The recently released results of a May poll that surveyed more than 220 hospital and health system administrators found that while 49% of respondents are more than halfway to completing full EHR implementation, 48% of those polled said they are only somewhat comfortable with the level of budgeting their organization planned for EHR deployment. Nine percent said they weren't comfortable at all with their budget plans, while 18% said they were unsure. On the positive side, 25% said they were very comfortable with the funding they had for their EHR implementation project.

With the majority of those polled expressing some level of discomfort about how they will pay for their project moving forward, Gary Anthony, principal with KPMG Healthcare, said the poll findings suggest that healthcare executives miscalculated the costs of their EHR projects.

"Organizations underestimated the impact and the effort required to fully implement an EHR. They also underestimated just how transformative this would be to their organization as a whole," Anthony said in an interview with InformationWeek Healthcare. "This is the largest, most significant investment that a health delivery organization will go through. EHRs touch and change everything within the organization, and so I think [there's been] a lack of experience and a lack of understanding about the magnitude of the effort."

[ Is it time to re-engineer your clinical decision support system? See 10 Innovative Clinical Decision Support Programs. ]

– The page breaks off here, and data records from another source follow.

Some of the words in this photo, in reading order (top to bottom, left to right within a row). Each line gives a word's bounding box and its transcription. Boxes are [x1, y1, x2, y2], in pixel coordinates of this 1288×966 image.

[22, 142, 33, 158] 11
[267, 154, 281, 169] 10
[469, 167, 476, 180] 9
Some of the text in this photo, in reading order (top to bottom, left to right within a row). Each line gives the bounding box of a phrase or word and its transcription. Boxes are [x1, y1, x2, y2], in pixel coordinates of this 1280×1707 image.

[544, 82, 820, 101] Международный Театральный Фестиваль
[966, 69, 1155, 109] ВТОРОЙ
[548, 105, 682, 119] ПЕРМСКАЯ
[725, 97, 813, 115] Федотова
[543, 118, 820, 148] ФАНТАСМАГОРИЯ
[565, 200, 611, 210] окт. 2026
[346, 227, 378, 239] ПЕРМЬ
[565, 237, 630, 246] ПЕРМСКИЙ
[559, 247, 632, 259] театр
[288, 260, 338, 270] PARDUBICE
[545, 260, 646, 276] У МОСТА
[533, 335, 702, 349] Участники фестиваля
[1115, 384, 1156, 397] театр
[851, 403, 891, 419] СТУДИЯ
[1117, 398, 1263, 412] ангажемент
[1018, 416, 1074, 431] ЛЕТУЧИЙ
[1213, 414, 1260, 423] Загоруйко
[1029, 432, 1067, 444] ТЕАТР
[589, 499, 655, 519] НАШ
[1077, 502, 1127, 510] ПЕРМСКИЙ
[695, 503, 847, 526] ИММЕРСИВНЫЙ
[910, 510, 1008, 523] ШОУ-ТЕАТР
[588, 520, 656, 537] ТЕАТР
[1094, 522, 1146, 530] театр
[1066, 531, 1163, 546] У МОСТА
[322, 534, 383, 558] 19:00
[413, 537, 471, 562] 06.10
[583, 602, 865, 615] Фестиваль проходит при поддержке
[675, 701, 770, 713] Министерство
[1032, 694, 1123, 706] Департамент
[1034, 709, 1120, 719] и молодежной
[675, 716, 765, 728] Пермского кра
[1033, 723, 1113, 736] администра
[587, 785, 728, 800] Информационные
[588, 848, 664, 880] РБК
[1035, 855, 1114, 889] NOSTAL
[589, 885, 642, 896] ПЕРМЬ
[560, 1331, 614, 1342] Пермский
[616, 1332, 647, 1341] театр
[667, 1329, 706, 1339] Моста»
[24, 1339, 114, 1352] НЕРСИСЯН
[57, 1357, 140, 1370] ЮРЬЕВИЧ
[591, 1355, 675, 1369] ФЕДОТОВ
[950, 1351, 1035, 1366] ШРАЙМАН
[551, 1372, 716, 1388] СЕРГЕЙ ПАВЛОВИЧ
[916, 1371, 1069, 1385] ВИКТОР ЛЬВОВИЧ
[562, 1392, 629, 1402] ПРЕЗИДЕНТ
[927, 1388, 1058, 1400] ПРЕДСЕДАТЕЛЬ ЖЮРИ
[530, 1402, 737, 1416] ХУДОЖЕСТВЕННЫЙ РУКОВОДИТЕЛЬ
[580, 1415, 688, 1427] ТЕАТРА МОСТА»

According to Anthony, recent reports that Duke University will spend $700 million to implement its EPIC EHR indicates the staggering costs of an EHR implementation project. He also said these projects are associated with maintaining and storing additional terabytes of data and providing security capabilities that adhere to Health Insurance Portability and Accountability Act (HIPAA) requirements. Additional costs come with maintaining a robust network that allows doctors and other clinicians to access the data remotely on their iPads or smartphones.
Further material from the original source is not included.